- LISTED ENTRIES -
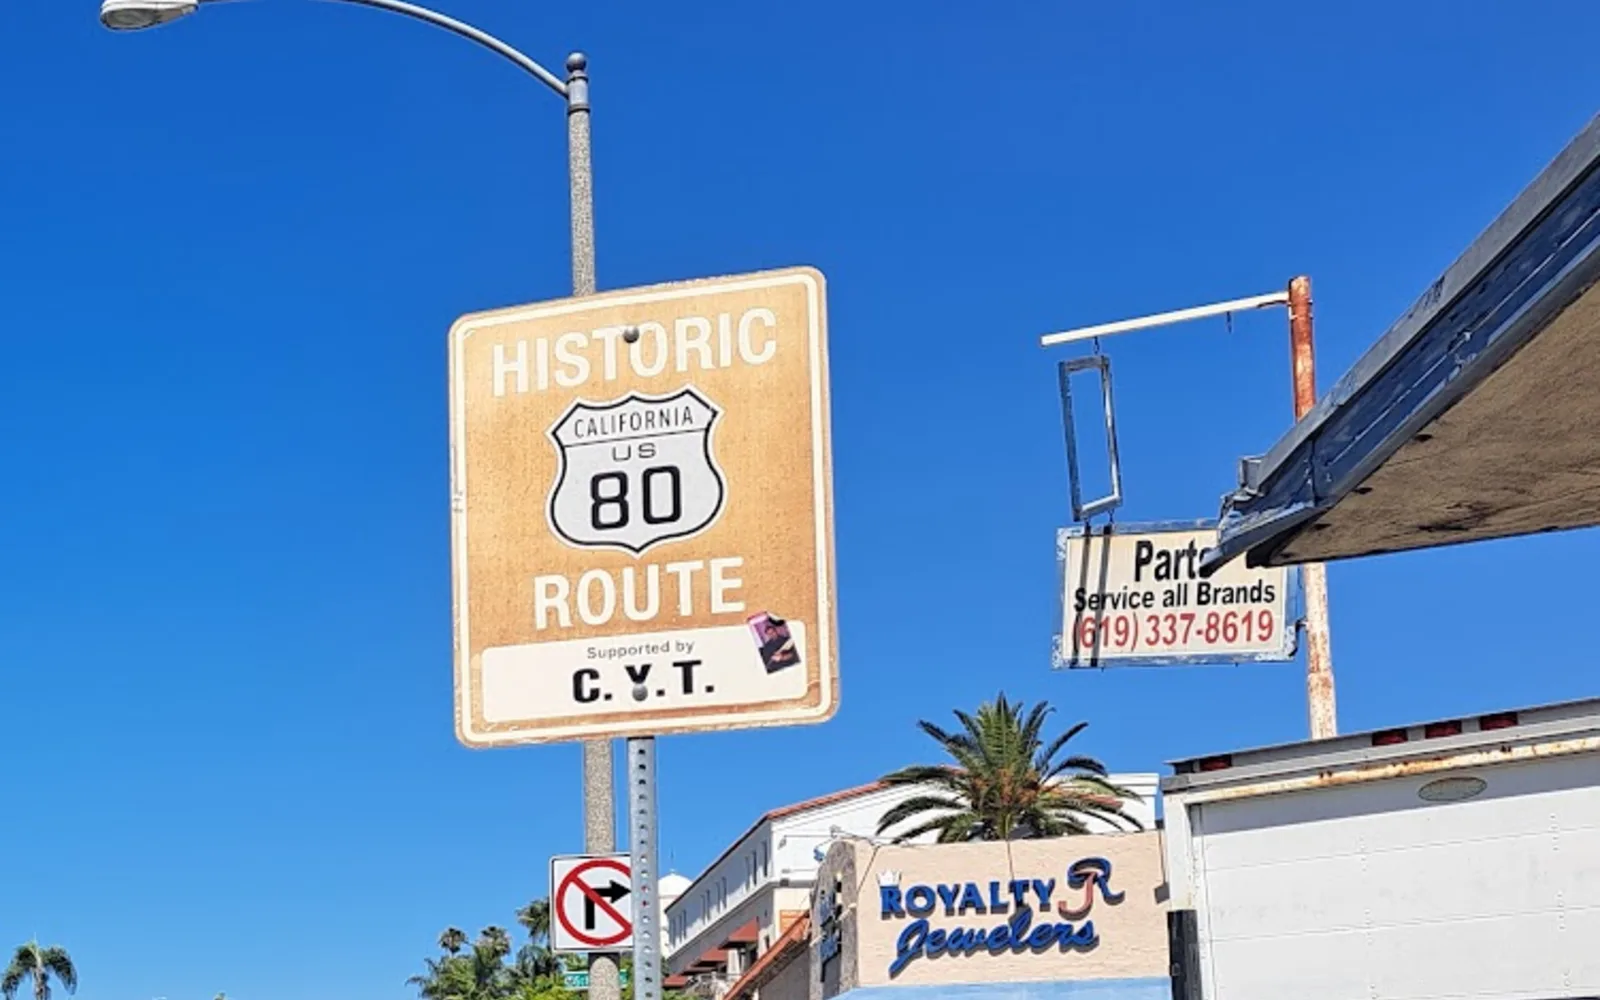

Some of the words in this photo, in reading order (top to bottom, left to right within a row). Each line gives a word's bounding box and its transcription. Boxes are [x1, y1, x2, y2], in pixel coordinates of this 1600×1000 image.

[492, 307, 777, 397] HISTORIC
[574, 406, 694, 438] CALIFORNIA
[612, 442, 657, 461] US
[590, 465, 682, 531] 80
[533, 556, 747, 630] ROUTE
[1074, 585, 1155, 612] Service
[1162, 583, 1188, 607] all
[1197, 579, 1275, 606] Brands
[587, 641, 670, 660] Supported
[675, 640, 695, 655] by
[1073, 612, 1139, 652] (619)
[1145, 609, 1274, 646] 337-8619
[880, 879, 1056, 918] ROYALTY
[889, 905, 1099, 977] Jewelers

- WHAT THE TASK ASKS -
Please retype every record shown above, exactly as written, but without pictures.

- SOLUTION FOR THIS TASK -
Some of the words in this photo, in reading order (top to bottom, left to right within a row). Each line gives a word's bounding box and its transcription. Boxes are [x1, y1, x2, y2], in pixel coordinates of this 1600×1000 image.

[492, 307, 777, 397] HISTORIC
[574, 406, 694, 438] CALIFORNIA
[612, 442, 657, 461] US
[590, 465, 682, 531] 80
[533, 556, 747, 630] ROUTE
[1074, 585, 1155, 612] Service
[1162, 583, 1188, 607] all
[1197, 579, 1275, 606] Brands
[587, 641, 670, 660] Supported
[675, 640, 695, 655] by
[1073, 612, 1139, 652] (619)
[1145, 609, 1274, 646] 337-8619
[880, 879, 1056, 918] ROYALTY
[889, 905, 1099, 977] Jewelers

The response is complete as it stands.